Raedwulf: that's not how criminal law works. "I think you're guilty" does not equal guilt beyond a reasonable doubt. It means that the trier of fact (judge or jury) has a doubt and must acquit the accused. Only if the jury member can say "I am convinced that you are guilty because the evidence allows no other rational conclusion" can she properly vote to convict. Courts have wrestled with defining reasonable doubt. In Canada juries are instructed that it is much closer to absolute certainty than it is to proof on a balance of probabilities. Courts in other countries have tried different approaches, but it is pretty well universally accepted that the criminal standard of proof is much more demanding than "thinking" that someone is guilty.

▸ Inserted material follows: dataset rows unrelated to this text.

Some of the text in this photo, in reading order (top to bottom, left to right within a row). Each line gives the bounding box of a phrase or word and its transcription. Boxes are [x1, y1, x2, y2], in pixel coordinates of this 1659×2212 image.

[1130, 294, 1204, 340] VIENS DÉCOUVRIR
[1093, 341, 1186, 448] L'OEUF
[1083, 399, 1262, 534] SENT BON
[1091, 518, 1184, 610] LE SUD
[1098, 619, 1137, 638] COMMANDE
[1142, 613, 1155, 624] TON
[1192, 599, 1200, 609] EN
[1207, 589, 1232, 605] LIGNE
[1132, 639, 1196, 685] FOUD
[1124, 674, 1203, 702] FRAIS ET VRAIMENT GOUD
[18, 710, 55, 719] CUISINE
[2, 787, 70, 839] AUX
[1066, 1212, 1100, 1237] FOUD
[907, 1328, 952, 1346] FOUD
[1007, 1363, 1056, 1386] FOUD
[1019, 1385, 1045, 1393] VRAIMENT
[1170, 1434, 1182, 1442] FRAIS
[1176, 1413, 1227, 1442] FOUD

All the checks and balances you suggest to protect against wrongful executions are, or should be, involved at the stage of determining guilt beyond a reasonable doubt. If the case for the prosecution can't withstand that level of scrutiny the accused is supposed to go free. That's why I said that once the accused has been found guilty, you cannot expect the judge to go on and impose an even higher standard of proof. Occasionally, before capital punishment was abolished, governments would intervene to commute a death penalty, but only rarely and they certainly did not save Tim Evans from the gallows. The possibility of a judge not allowing the death penalty once a jury has found the prisoner guilty doesn't give me any sense of reassurance. Judge Bullingham is only slightly fictional.

As for whether I share Bobert's views, I do, but if I examine my conscience, I have to admit that in the very hard cases it is really my brain that makes me revolt against capital punishment more than my respect for the life of the killer.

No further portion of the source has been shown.